I came across the same issue installing my signed certificate on an Amazon Elastic Load Balancer instance.
All seemed find via a browser (Chrome) but accessing the site via my java client produced the exception javax.net.ssl.SSLPeerUnverifiedException
What I had not done was provide a "certificate chain" file when installing my certificate on my ELB instance (see https://serverfault.com/questions/419432/install-ssl-on-amazon-elastic-load-balancer-with-godaddy-wildcard-certificate)
We were only sent our signed public key from the signing authority so I had to create my own certificate chain file. Using my browser's certificate viewer panel I exported each certificate in the signing chain. (The order of the certificate chain in important, see https://forums.aws.amazon.com/message.jspa?messageID=222086)
Here is what you can do:-
Exim SSL certificates
By default, the /etc/exim.conf will use the cert/key files:
/etc/exim.cert
/etc/exim.key
so if you're wondering where to set your files, that's where.

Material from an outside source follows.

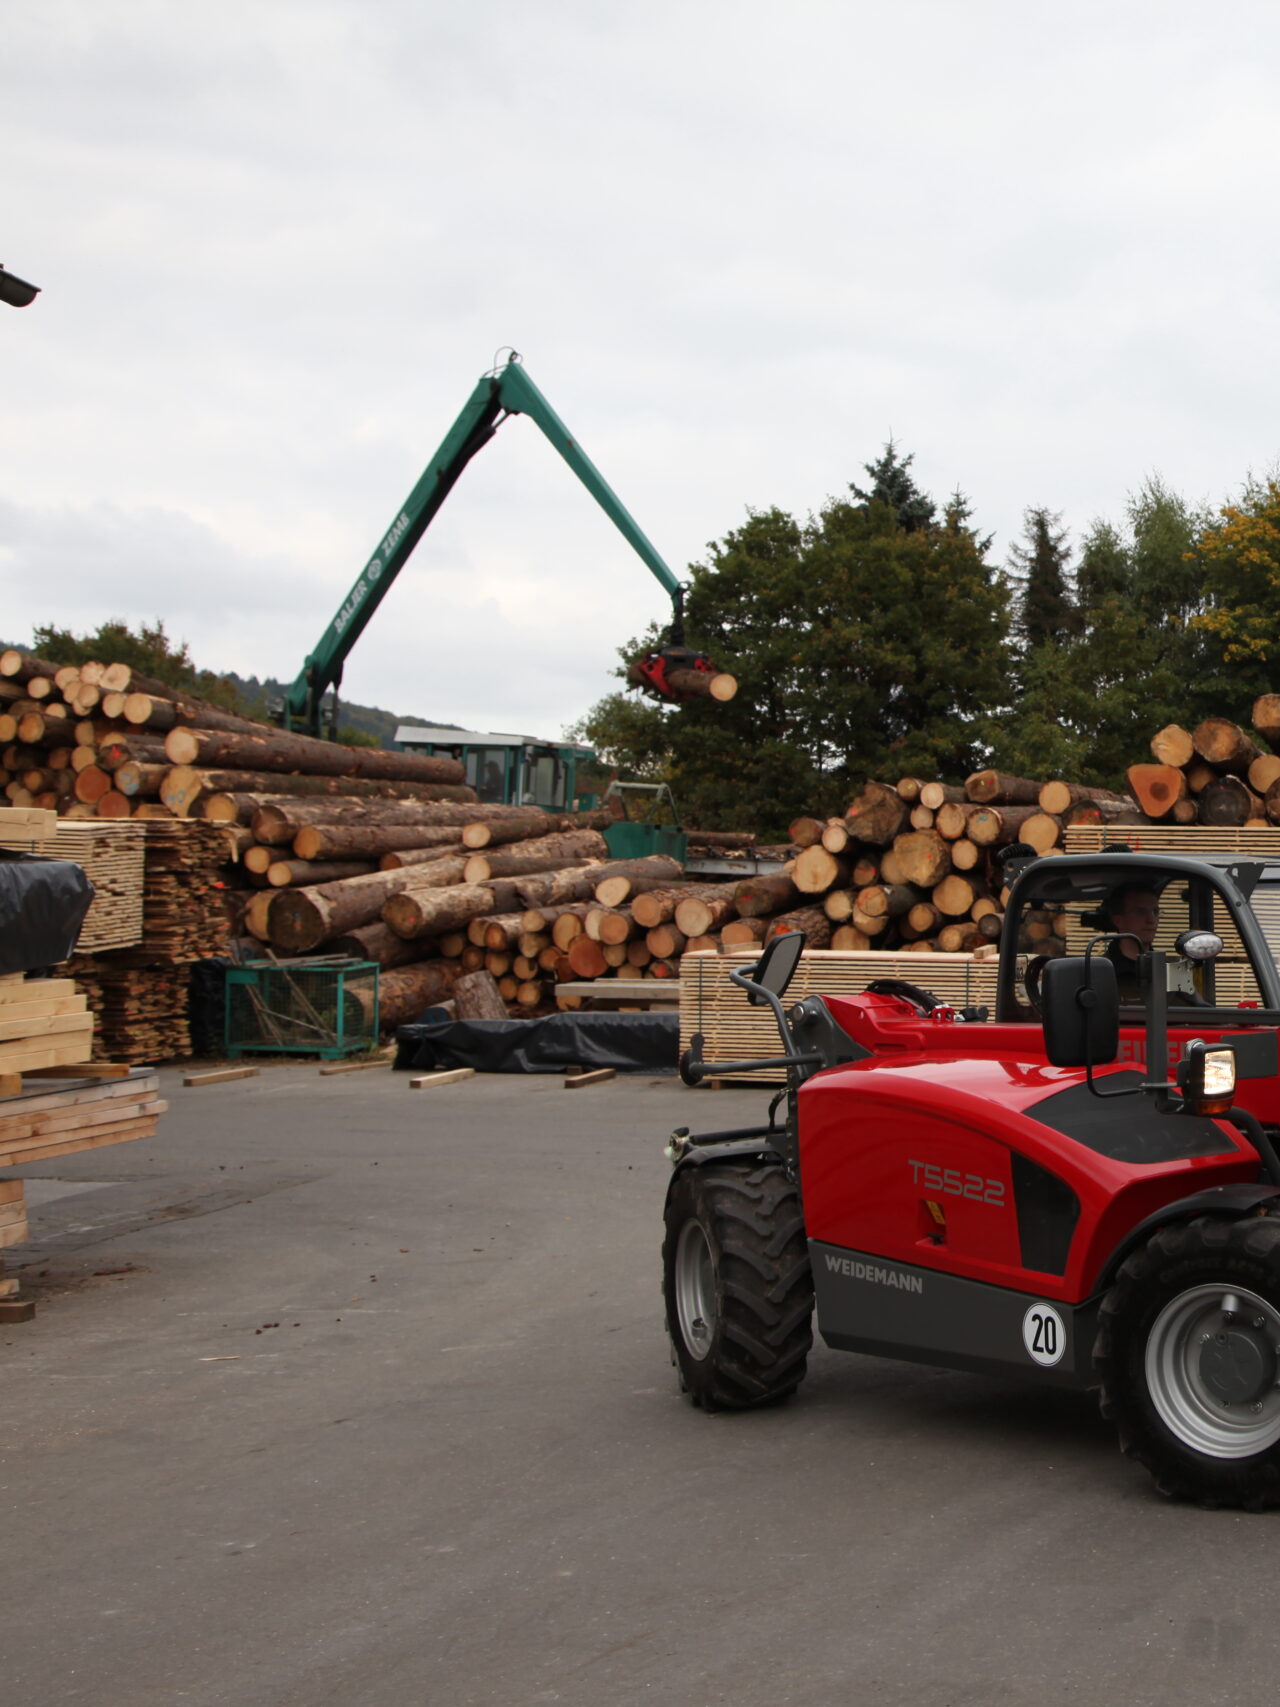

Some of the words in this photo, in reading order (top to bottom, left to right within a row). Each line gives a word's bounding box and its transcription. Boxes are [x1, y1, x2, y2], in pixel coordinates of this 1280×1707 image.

[907, 1159, 1005, 1207] T5522
[824, 1254, 923, 1294] WEIDEMANN
[1031, 1313, 1057, 1355] 20

They're controlled by the exim.conf's options:
tls_certificate = /etc/exim.cert
tls_privatekey = /etc/exim.key
Intermediate Certificates
If you have a CA Root certificate (ca bundle, chain, etc.) you'll add the contents of your CA into the exim.cert, after your actual certificate.
Probably a good idea to make sure you have a copy of everything elsewhere in case you make an error.
Dovecot and ProFtpd should also read it correctly, so dovecot no longer needs the ssl_ca option.
So for both cases, there is no need to make any changes to either the exim.conf or dovecot.conf(/etc/dovecot/conf/ssl.conf)
If you are using MacOS use:
sudo cp /usr/local/etc/openssl/cert.pem /etc/ssl/certs
after this Trust anchor not found error disappears
For those using zerossl.com certificates, drag and drop all certificates (as is) to their respective folders.
Cut and pasting text into existing files, may cause utf8 issues - depending upon OS, format and character spacings.